Alors que le débat sur une éventuelle révision de la Constitution continue de susciter des réactions au sein de la classe politique et de la société civile, la Conférence épiscopale nationale du Congo (CENCO) maintient sa position en défaveur de cette initiative.
L'Église catholique poursuit ainsi ses consultations avec différentes composantes ecclésiales afin d'harmoniser son approche sur cette question.
Dans ce contexte, une réunion stratégique s'est tenue jeudi 25 juin au Centre interdiocésain entre le secrétaire général de la CENCO, Mgr Donatien Nshole, et les représentants des mouvements d’action catholique.
Les échanges ont porté sur la position de l'épiscopat Congolais concernant le projet de révision constitutionnelle ainsi que sur les enjeux liés à la situation actuelle du pays.
À l'issue de cette rencontre, la CENCO a réaffirmé son opposition à toute initiative de modification de la Constitution dans le contexte actuel.
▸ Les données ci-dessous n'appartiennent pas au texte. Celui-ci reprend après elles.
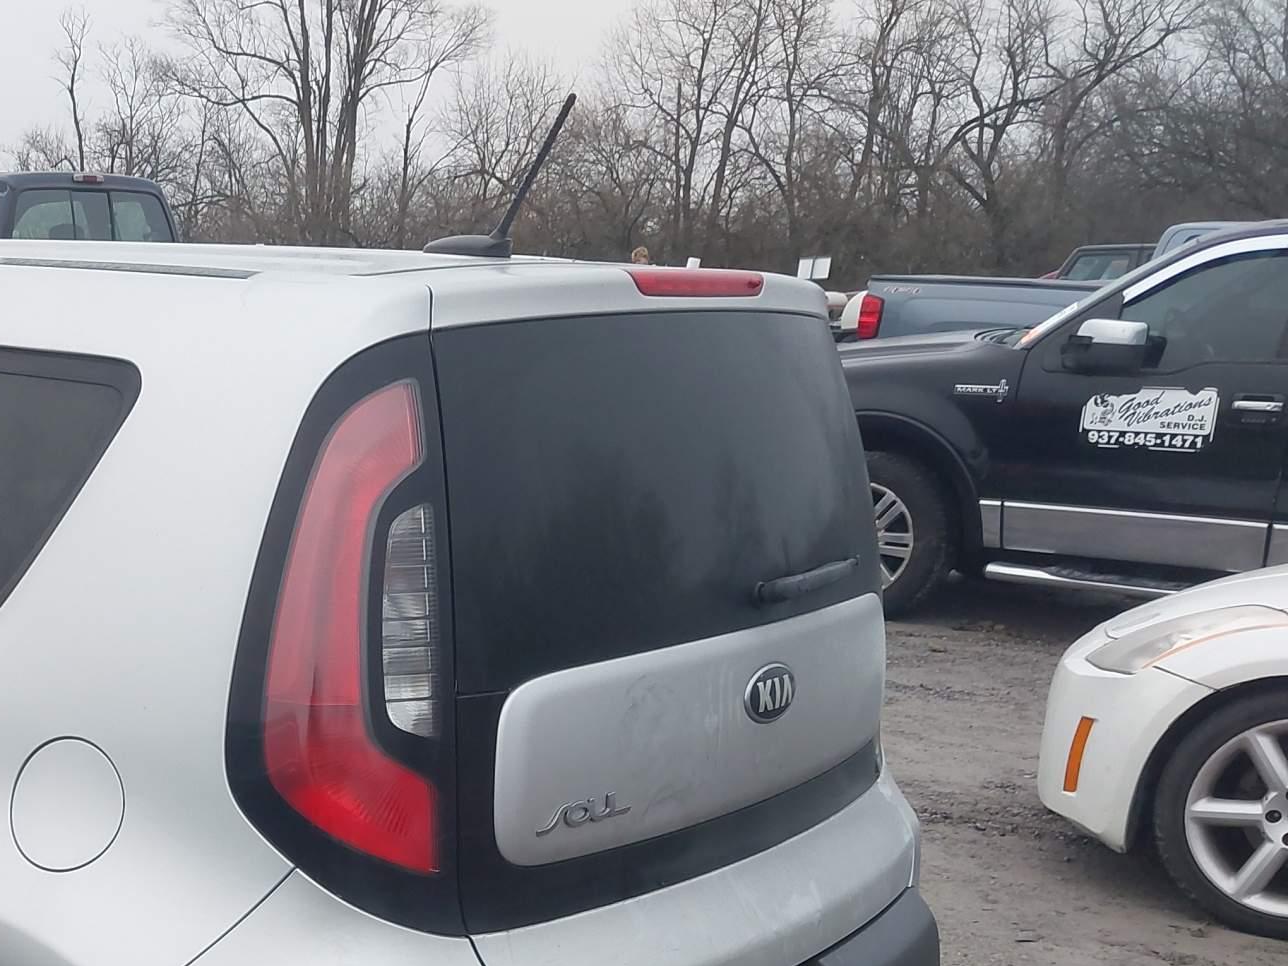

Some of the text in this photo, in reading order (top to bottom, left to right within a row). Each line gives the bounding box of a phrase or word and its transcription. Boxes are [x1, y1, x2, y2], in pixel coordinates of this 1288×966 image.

[1118, 391, 1165, 420] Good
[1123, 397, 1212, 427] Vibrations
[1160, 421, 1206, 431] SERVICE
[1187, 414, 1207, 422] D.J.
[1087, 431, 1203, 448] 937-845-1471
[757, 673, 792, 713] KIA
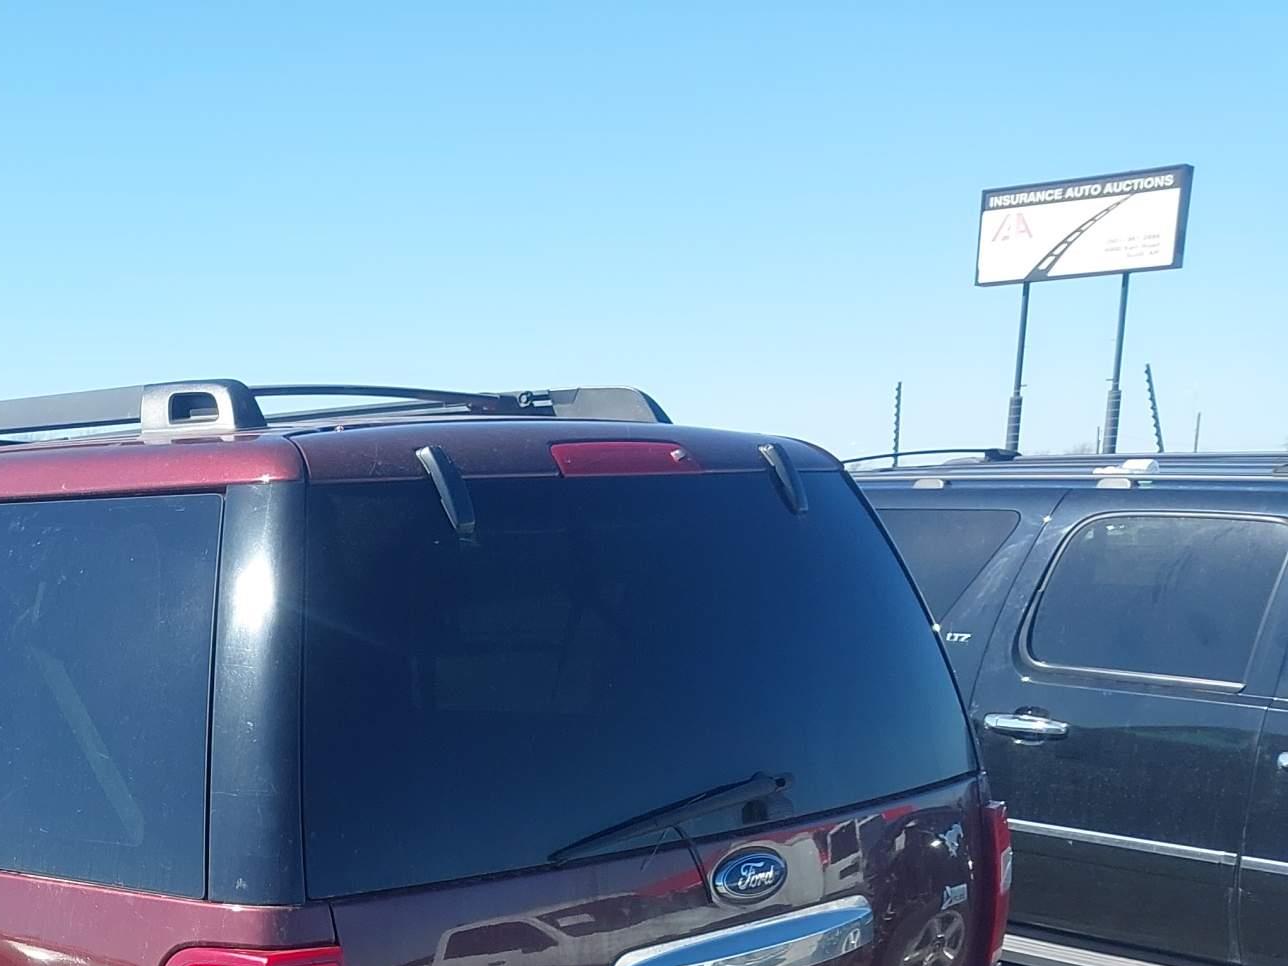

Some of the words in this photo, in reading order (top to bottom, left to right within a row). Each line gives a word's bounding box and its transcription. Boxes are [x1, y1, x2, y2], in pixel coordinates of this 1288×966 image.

Selon ses responsables, la priorité devrait être accordée au rétablissement de la paix et de la sécurité sur l'ensemble du territoire national.
Avant de répondre aux critiques formulées par certains responsables de la majorité présidentielle, Mgr Donatien Nshole a tenu à clarifier la position de l'Église.
Le secrétaire général de la CENCO a rejeté les accusations de subversion portées contre l'institution ecclésiastique, estimant qu'il s'agit d'une tentative de détourner le débat de fond.
Il a soutenu que la démarche de la CENCO s'inscrit dans le cadre de sa mission pastorale et citoyenne, sans volonté de s'immiscer dans les prérogatives des institutions de la République.
La CENCO considère également que l'organisation d'un référendum constitutionnel alors qu'une partie Est de la République Démocratique du Congo demeure affectée par l'insécurité et les affrontements impliquant le M23 soulève des préoccupations majeures.
L'épiscopat estime qu'un tel contexte ne garantit pas les conditions d'une consultation inclusive sur l'ensemble du territoire national.
Cette nouvelle prise de position intervient dans un climat marqué par des divergences persistantes entre la CENCO et plusieurs acteurs de la majorité présidentielle au sujet de la révision constitutionnelle. Alors que le gouvernement et certains de ses soutiens poursuivent les réflexions sur d'éventuelles réformes institutionnelles, l'Église catholique continue de plaider pour que les priorités nationales demeurent la restauration de la paix, la sécurité et la préservation de l'unité du pays.